Si, en el pasado todo era mejor, hasta los millonarios sabían vivir. Mi abuelo, el de los múltiples oficios, siempre me hablaba de Macoco Alzaga Unzué que nació (o se despertó, siguiendo la remera) en una cuna de oro. Pero al contrario de todos los millonarios que lo único que les interesa es mantener y si se puede acrecentar su capital, Macoco fue boxeador, corrió las 500 millas de Indianápolis y regenteó un cabaret en Nueva York donde le enseñó a bailar tango a Chaplin. Era tan millonario y vivía tan bien, que en Francia se puso de moda decir "Rico como un argentino" y "la ambición de toda mujer francesa es tener un perrito pequinés y un amante argentino". Macoco estuvo con Rita Hayworth, Gloria Swanson, Greta Garbo y otras beldades que aunque no eran tan famosas despertaban la misma envidia. El tango Shusheta está inspirado en él. Pero el máximo orgullo de Macoco ocurrió en el Maxim de Paris. Esperando la comida, se le ocurrió tirar los rulitos de manteca a los frescos del techo usando la cuchara como catapulta. Así inmortalizó la frase "Tirando manteca al techo", cuando se habla del derroche.

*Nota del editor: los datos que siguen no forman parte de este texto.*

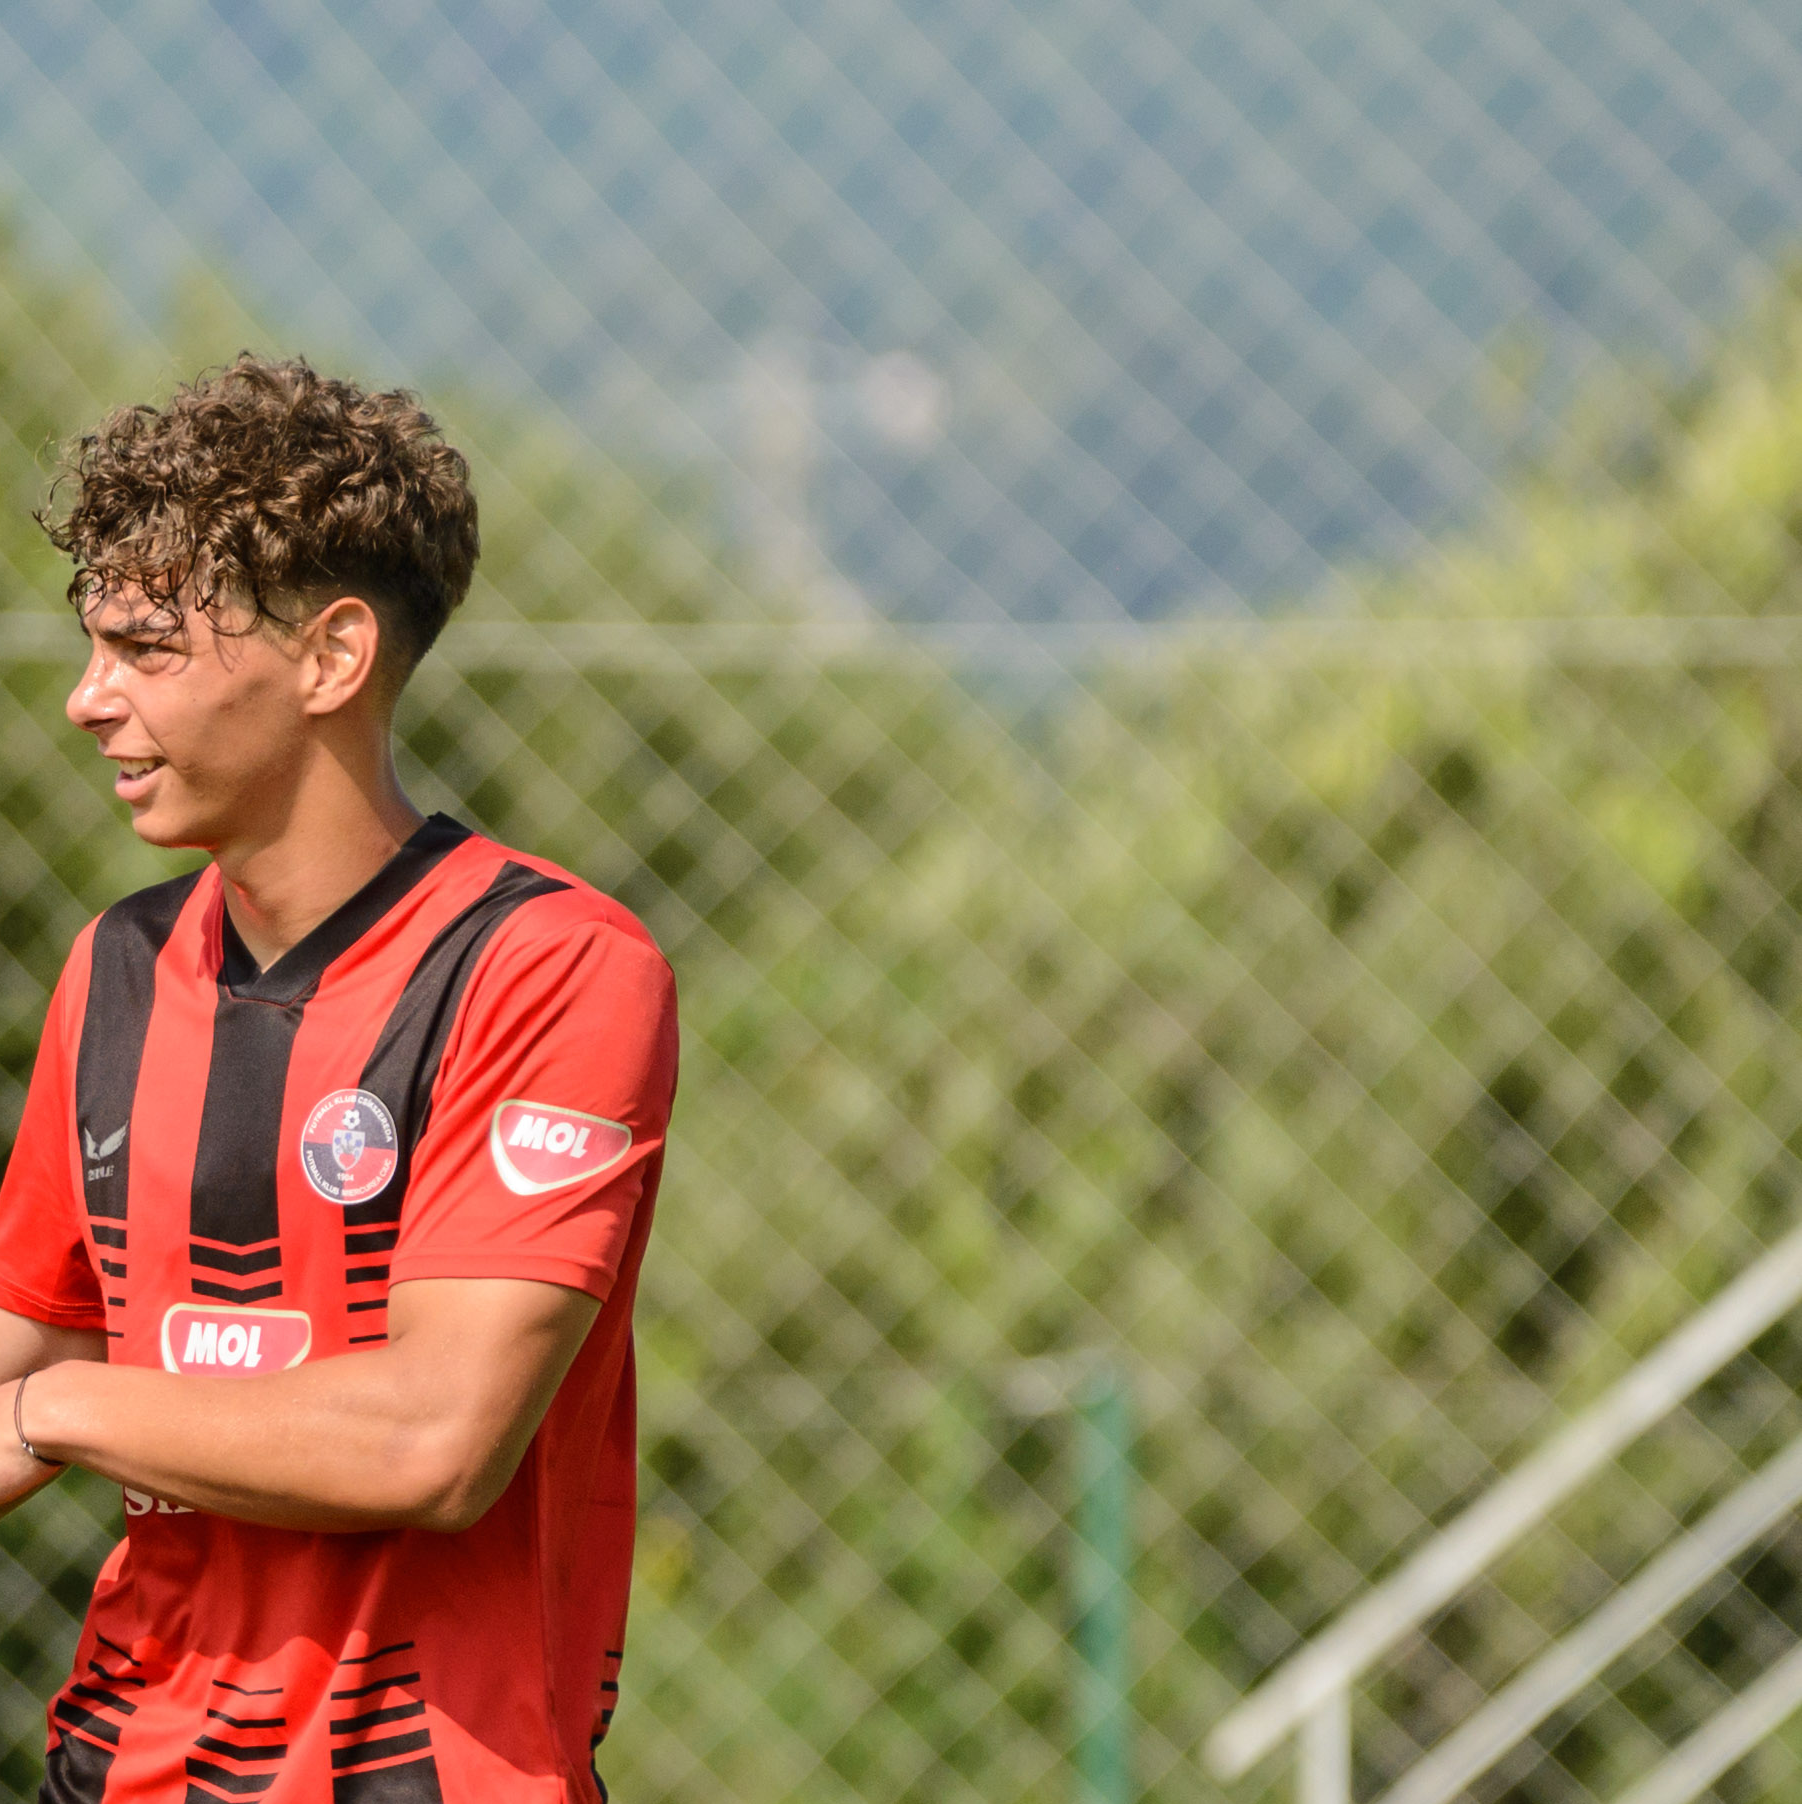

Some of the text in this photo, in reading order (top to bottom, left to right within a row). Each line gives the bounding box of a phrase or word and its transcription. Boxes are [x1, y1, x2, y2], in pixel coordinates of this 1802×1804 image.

[334, 1095, 357, 1105] KLUB
[507, 1114, 590, 1159] MOL
[183, 1322, 265, 1370] MOL

Mi abuelo nunca me contó los últimos días de Macoco, en un monoambiente prestado de Recoleta, pasando hambre. Murió en un hospital público. Mi abuelo solo me dijo "Se debería haber muerto dos años antes". Es que la historia no es la que se vive, sino la que se cuenta, y como se cuenta. Y uno siempre se enfoca en la parte que le interesa.